● **Prompt**
Retype the entries exactly, but skip the pictures.

____

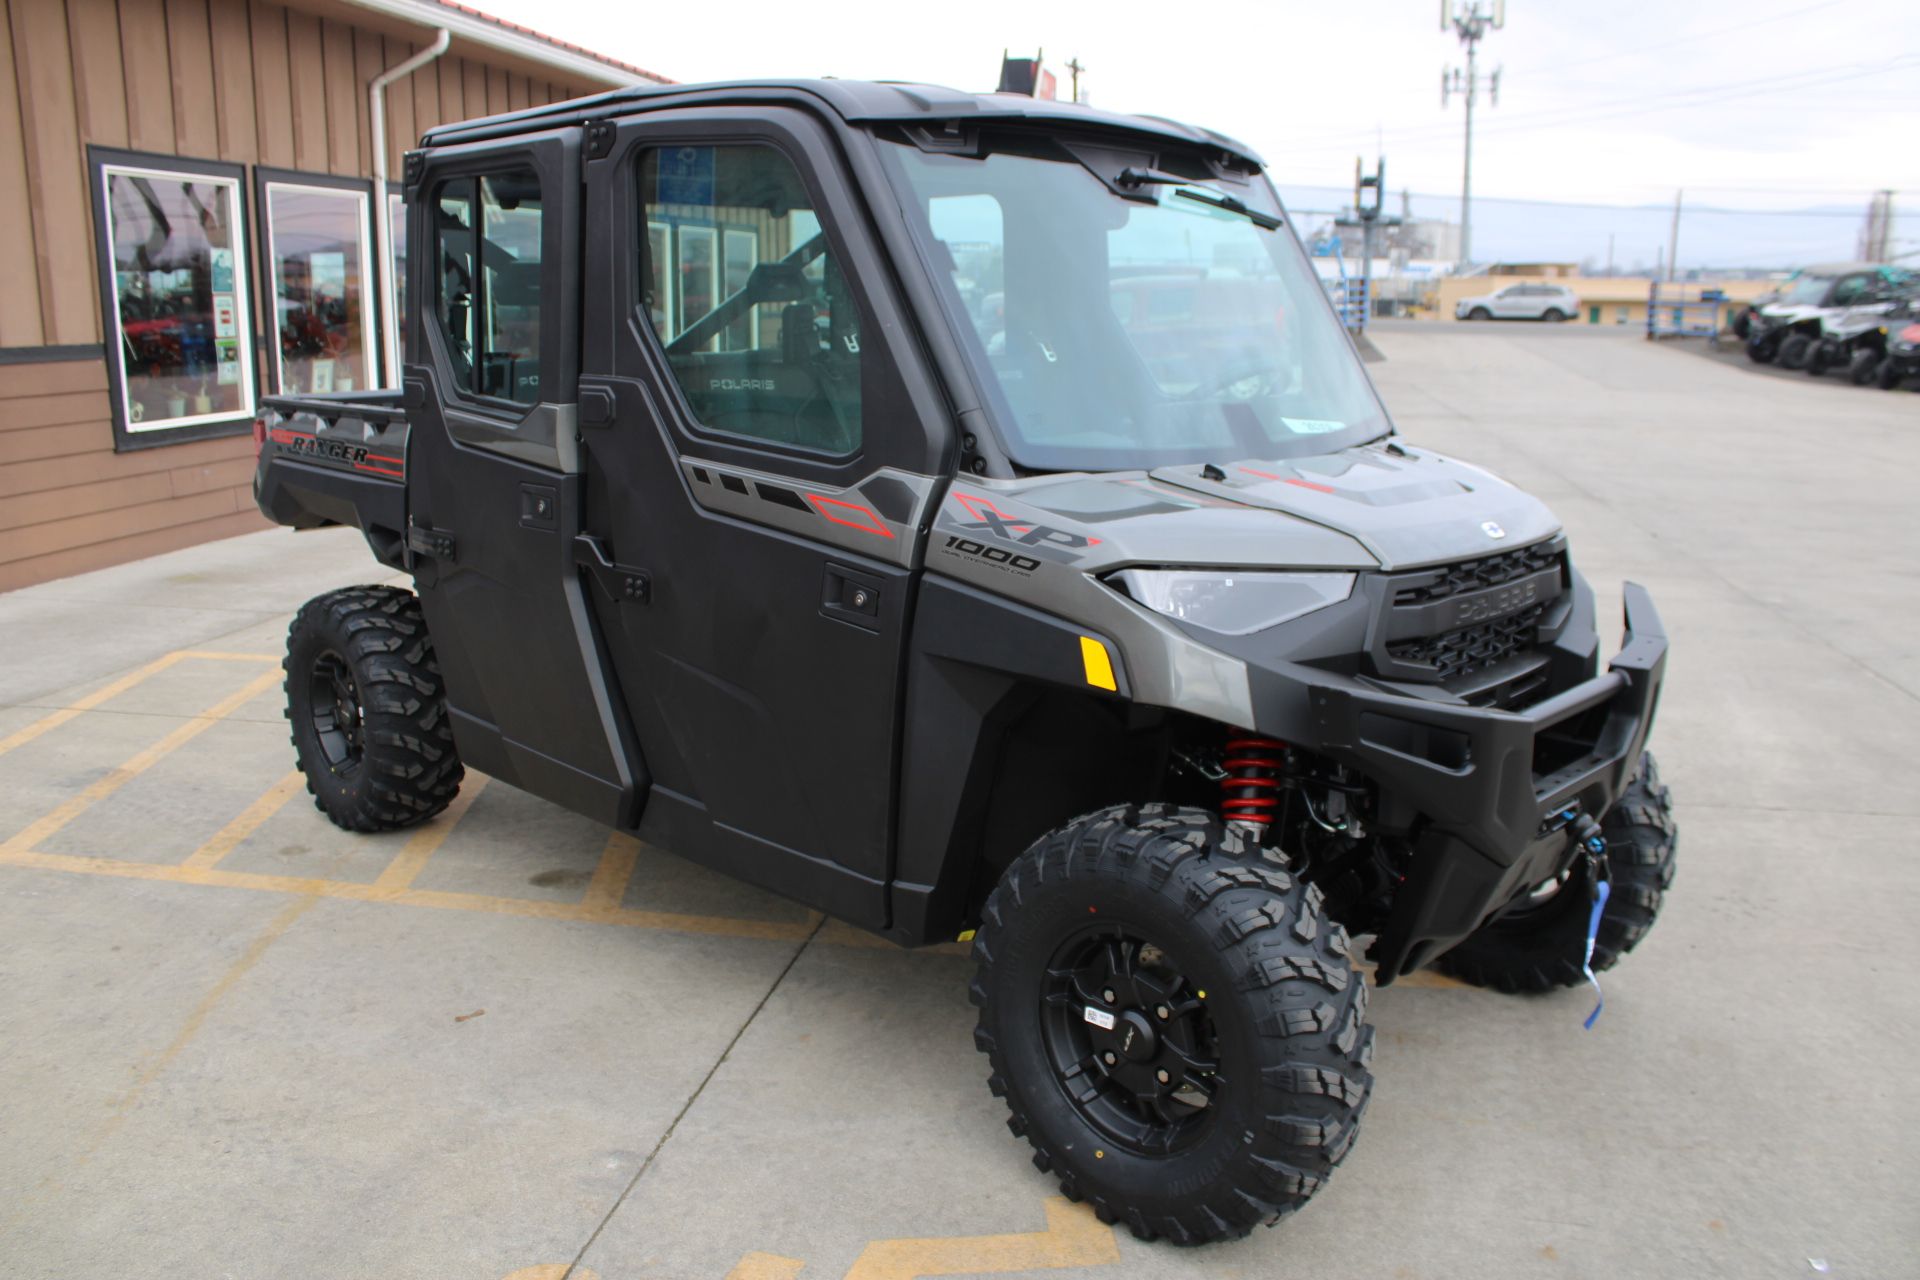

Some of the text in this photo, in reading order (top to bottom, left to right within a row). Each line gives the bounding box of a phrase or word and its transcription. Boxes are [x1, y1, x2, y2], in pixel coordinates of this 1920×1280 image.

[710, 378, 776, 391] POLARIS
[292, 437, 369, 463] RANGER
[958, 508, 1089, 548] XP
[945, 536, 1042, 571] 1000
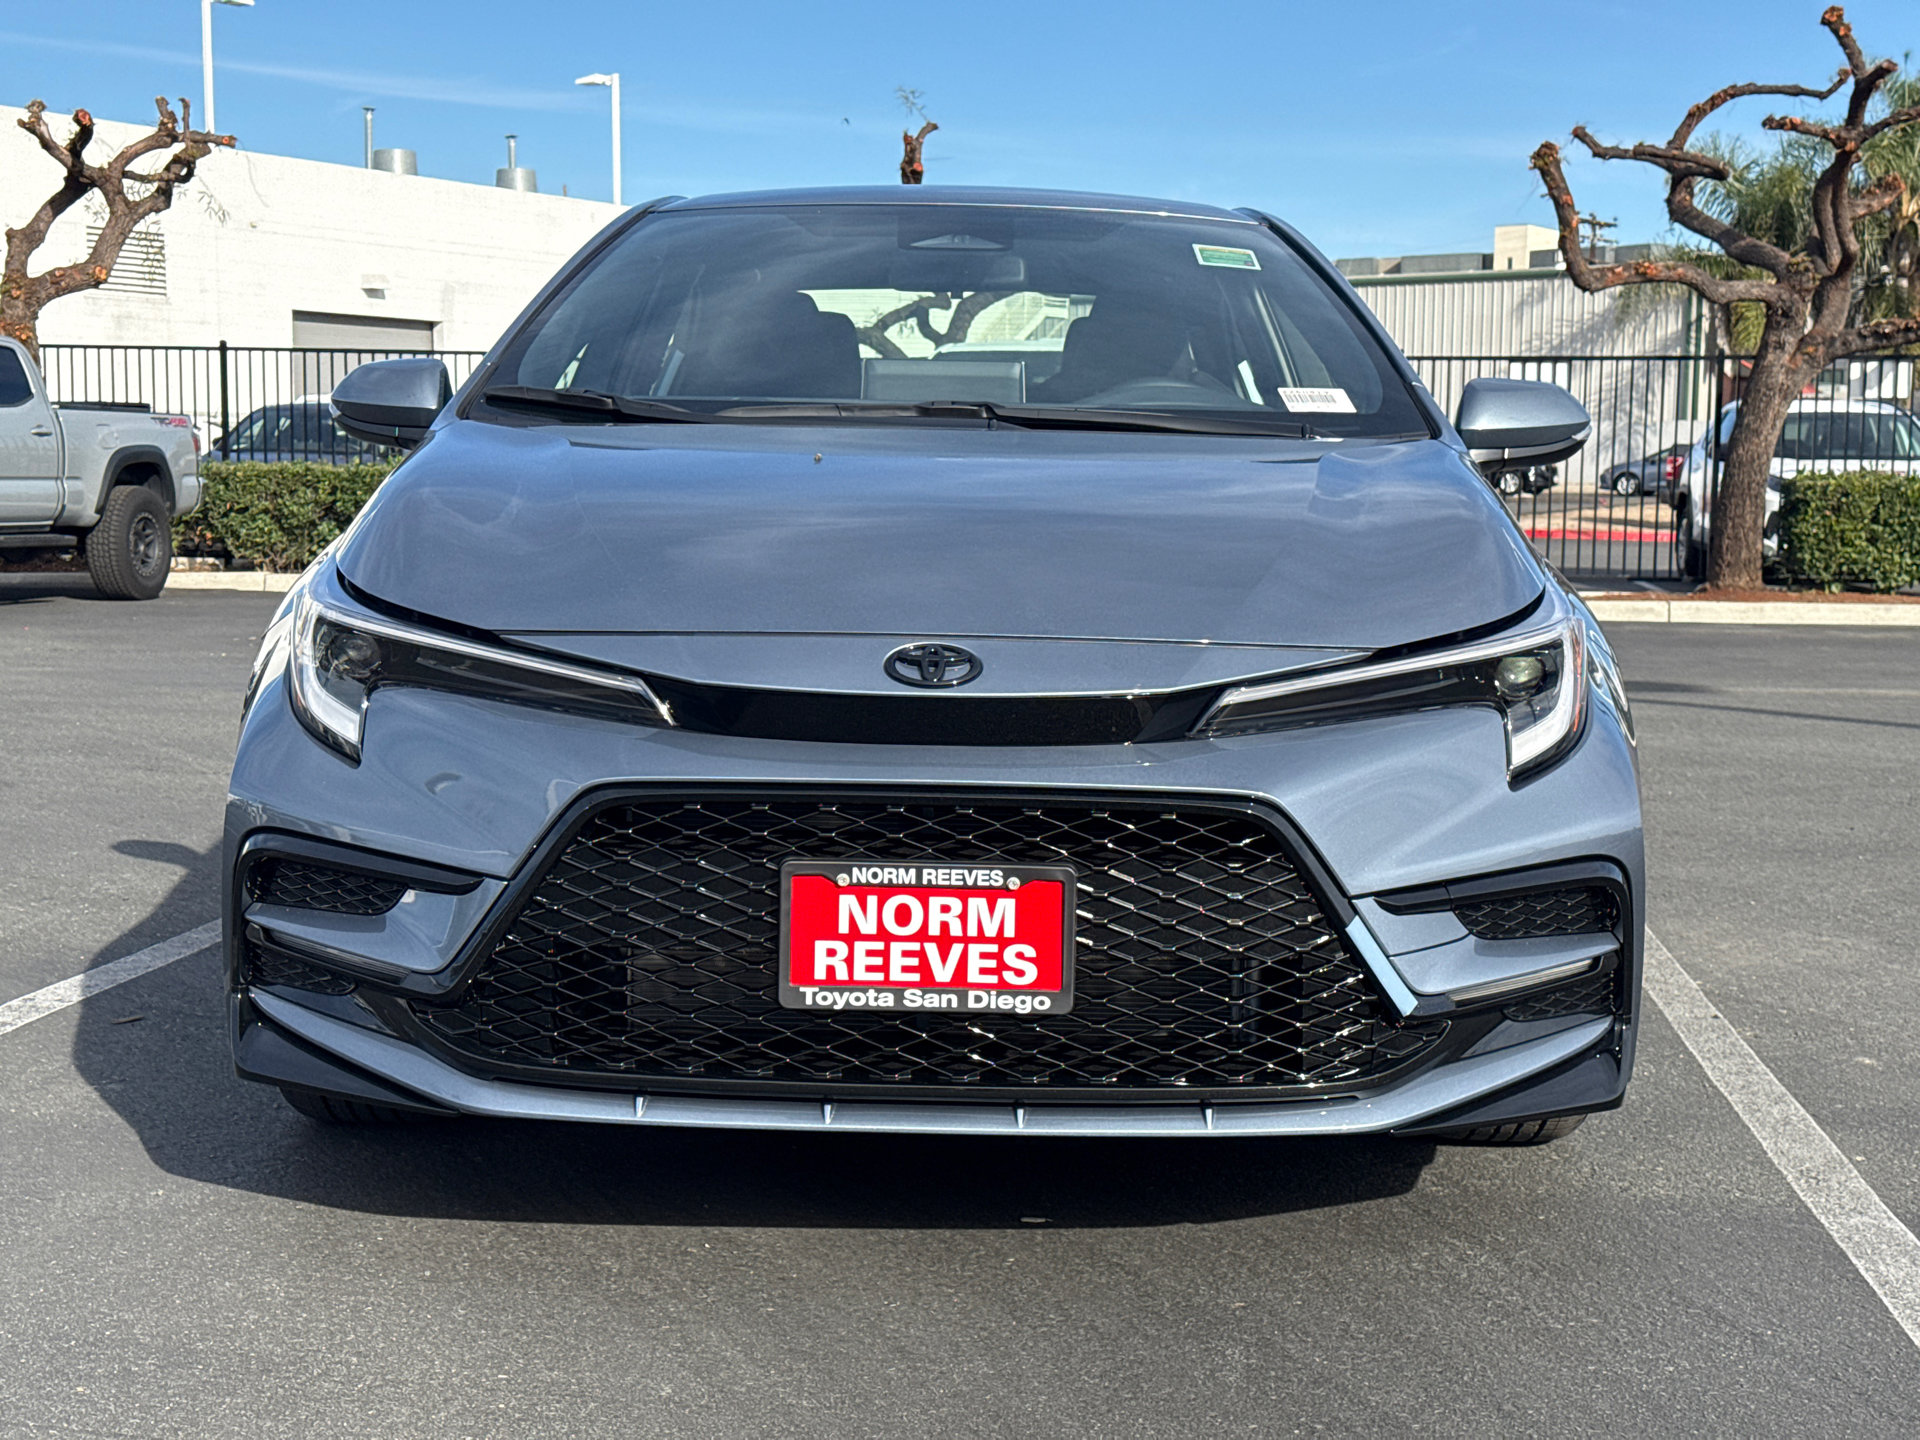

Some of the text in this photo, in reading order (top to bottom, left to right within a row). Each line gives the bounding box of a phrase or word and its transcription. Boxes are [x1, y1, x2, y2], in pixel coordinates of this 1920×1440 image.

[852, 867, 1004, 887] NORM REEVES
[838, 894, 1016, 938] NORM
[813, 940, 1038, 985] REEVES
[799, 987, 1051, 1014] Toyota San Diego
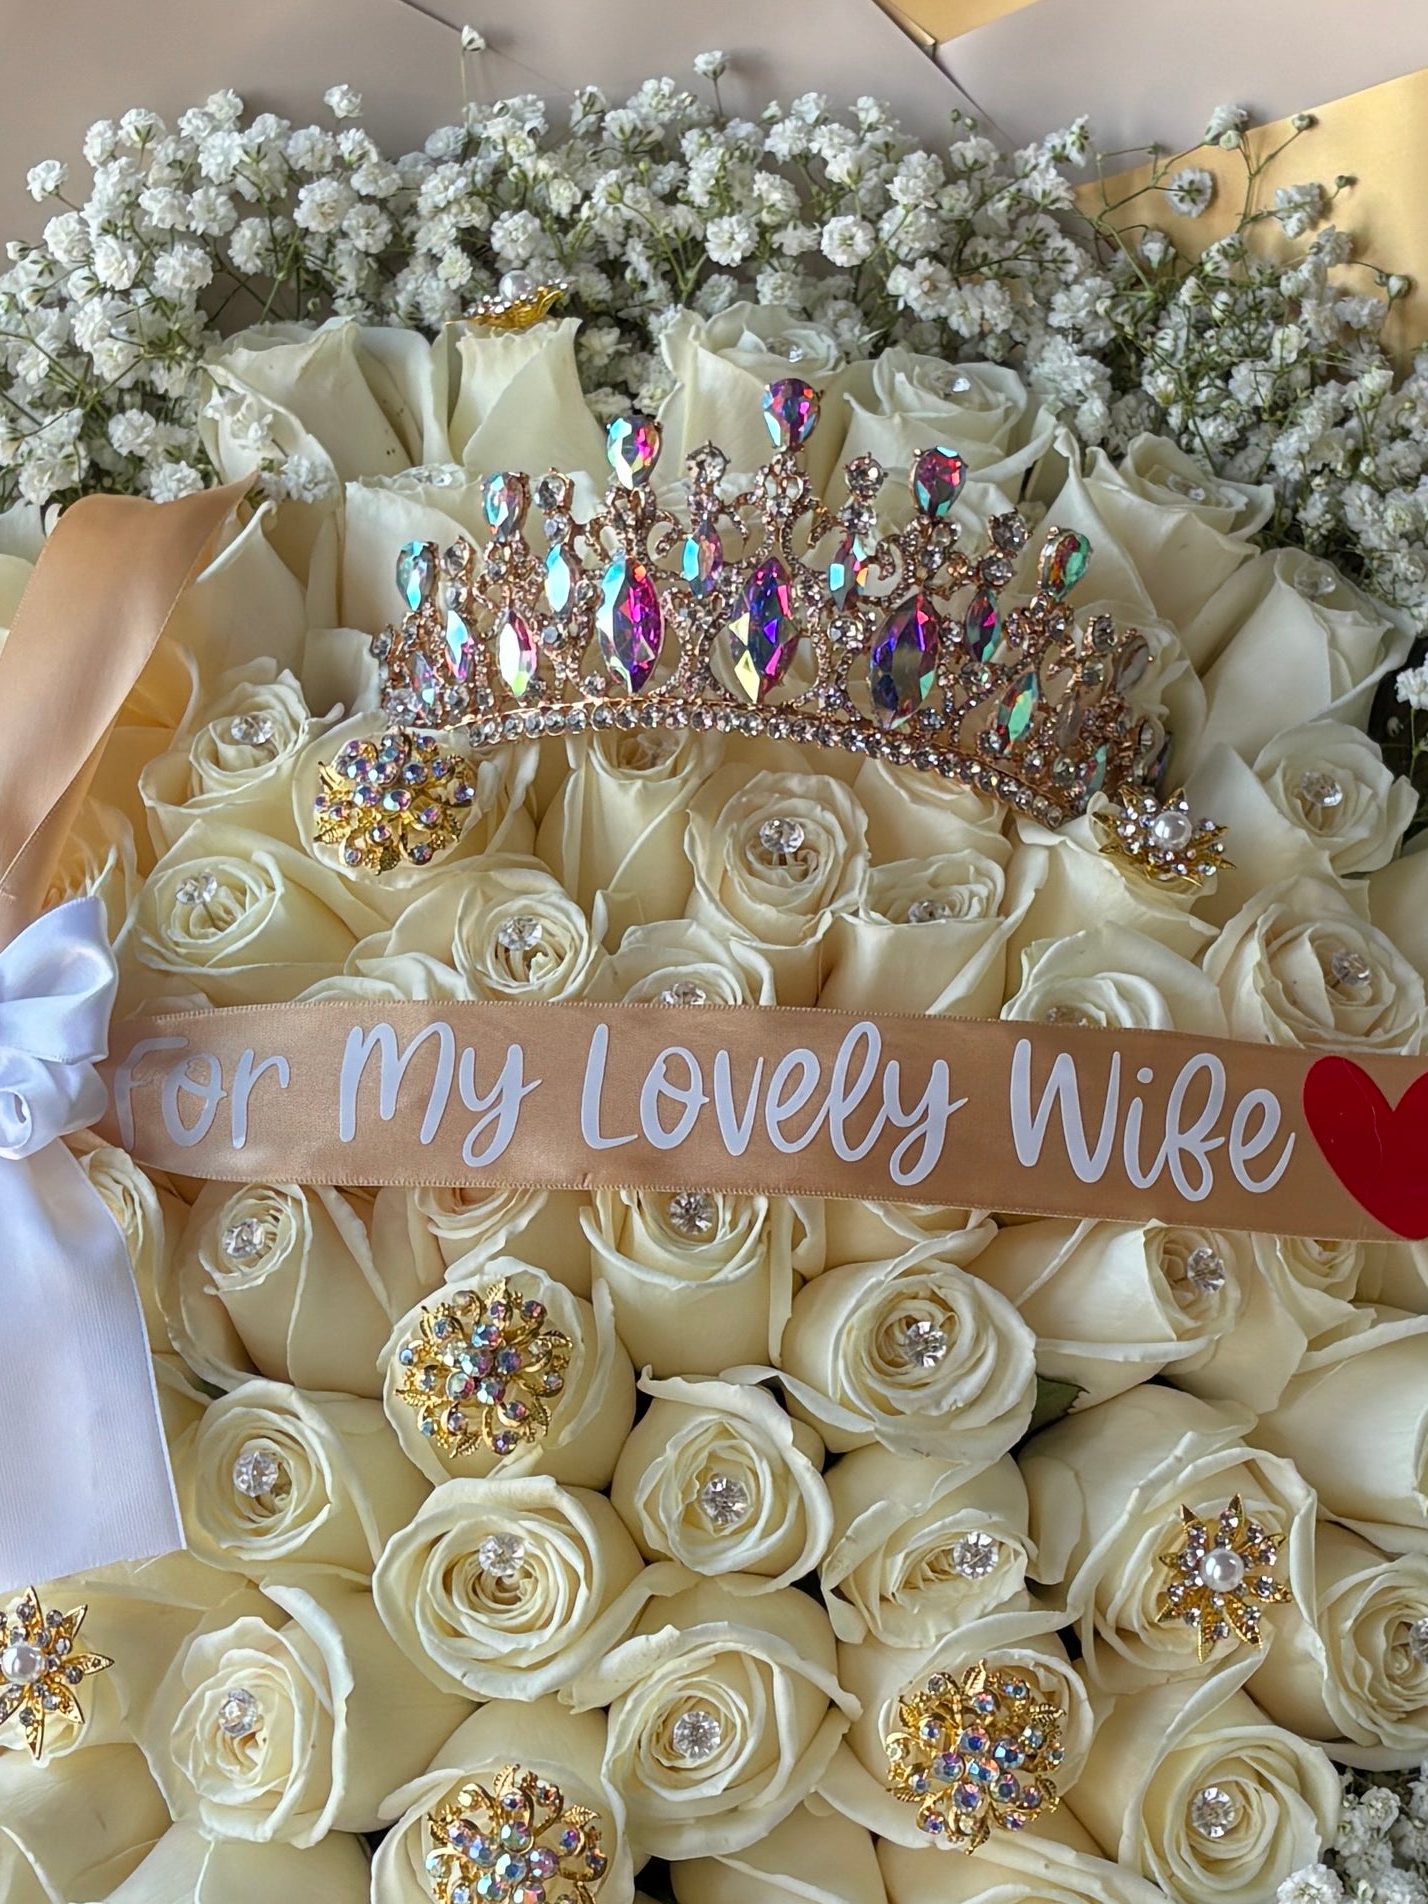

____

● **Solution**
Some of the text in this photo, in reading order (top to bottom, left to right within a row). Each line gives the bounding box of a phrase or word and its transcription. Boxes are [x1, y1, x2, y2], in pixel coordinates of this 1920×1280 image.

[710, 378, 776, 391] POLARIS
[292, 437, 369, 463] RANGER
[958, 508, 1089, 548] XP
[945, 536, 1042, 571] 1000

Some of the text in this photo, in reading order (top to bottom, left to right within a row). Each line gives the bounding box of a phrase or word and its transcription. Boxes are [x1, y1, x2, y2], in pixel coordinates of this 1920×1440 image.

[852, 867, 1004, 887] NORM REEVES
[838, 894, 1016, 938] NORM
[813, 940, 1038, 985] REEVES
[799, 987, 1051, 1014] Toyota San Diego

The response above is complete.